Haptonomie ist „die Lehre der Berührung“ (Griechisch). Damit ist nicht nur die körperliche, sondern auch die innerliche Berührung gemeint. In der Schwangerschaft lernen die Eltern, ihr Baby auf sehr sanfte Weise „einzuladen“. Es ist wie ein Kontakt-Spiel. Der Vater lernt, das Baby im Bauch zu umfassen, also die Gebärmutter zu halten. Dann lernt er, es einzuladen, zu einer bestimmten Hand zu kommen. Je kleiner das Baby ist, desto größere „Wege“ muss es dafür zurücklegen. Es ist erstaunlich als Mutter zu spüren, wie sich das Kind in die Hand des Vaters drückt.

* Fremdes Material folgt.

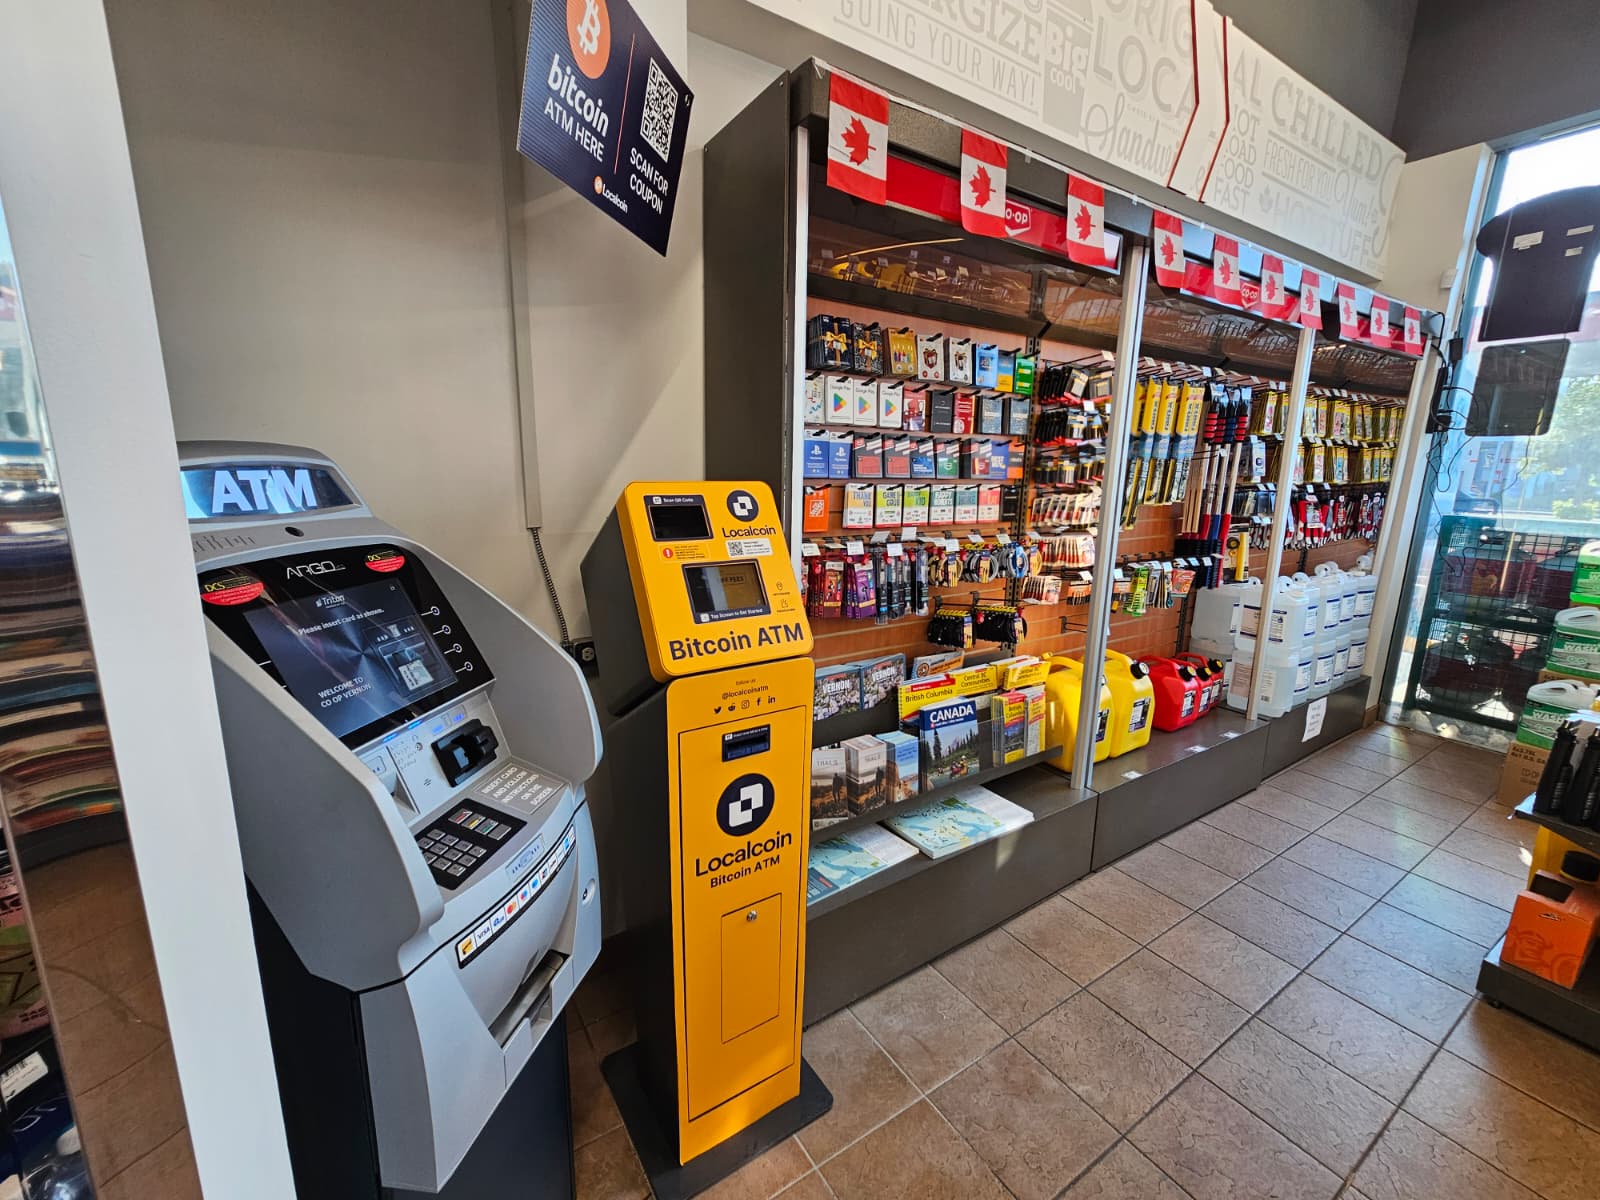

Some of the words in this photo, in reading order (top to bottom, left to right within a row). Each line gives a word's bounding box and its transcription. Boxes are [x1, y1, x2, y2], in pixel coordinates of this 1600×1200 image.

In jeder Berührung steckt der Wunsch nach echtem Kontakt, nach Verbindung. Da das Baby im Mutterleib jede Sekunde seines jungen Lebens berührt wird (von Fruchtwasser, Gebärmutter…), ist dies ein ganz natürlicher Kommunikationskanal.
Entwickelt wurde diese „Methode“ von dem Niederländer Frans Veltman in den 40er Jahren des letzten Jahrhunderts. In Frankreich befindet sich das Internationale Zentrum Frans Veltman für Forschung und Entwicklung der Haptonomie (www.haptonomie.org). Er definierte die Haptonomie als „Wissenschaft der Affektivität“.
Die Philosophie dahinter – mehr als eine „Methode“
Haptonomie ist sehr viel mehr als das, was man von Außen sieht: Hand auflegen. Es ist eine, wie Dr. Djalali sagt, Welthaltung. Es geht dabei um Hingabe, Geschehen lassen und das Kind seinen Weg machen lassen. Das Baby in dieser Form zu begleiten, ist haptonomische Geburtsbegleitung. Das Kind steht hier wieder im Mittelpunkt des Geschehens und nicht die Schmerzen der Mutter, wie es allzu häufig der Fall ist. Denn das Kind bringt sich auf die Welt, von der Mutter und ihren Begleitern unterstützt. So liegt auch der Fokus der Mutter auf ihrem Baby und wie es den Weg beschreiten kann. Dabei kann sie unangenehme Empfindungen sehr viel besser bewältigen.
Das Setting
Der Kontakt von Vater zur Mutter ist sehr aufmerksam. Zu Beginn positioniert der Vater die Mutter halb liegend und achtet schon hier darauf, dass jede Berührung „beseelt“ ist, also von Herzen kommt. Dabei schaukelte er sie durch sanfte Bewegungen am angewinkelten Bein leicht, wodurch das Baby ebenfalls geschaukelt wird. Das hilft zu entspannen, die Beine kommen in eine offene Haltung und das Hohlkreuz wird korrigiert. Danach erst widmet er sich ganz der Gebärmutter und seinem kostbaren Inhalt. Er hält das Baby im Bauch der Mutter in seinen Händen, was für den ein oder anderen Vater zunächst etwas Überwindung kostet. Dann schaukelt er das Baby sacht und lädt es in eine seiner Hände hinein, indem er damit zuerst zum Baby hin und dann die Hand leicht auf dem Bauch ruhen lässt. Nichts geschieht unter Zwang. Das Baby wird nicht an einen gewünschten Ort gedrückt oder geschoben. Daher der Begriff der „Einladung“.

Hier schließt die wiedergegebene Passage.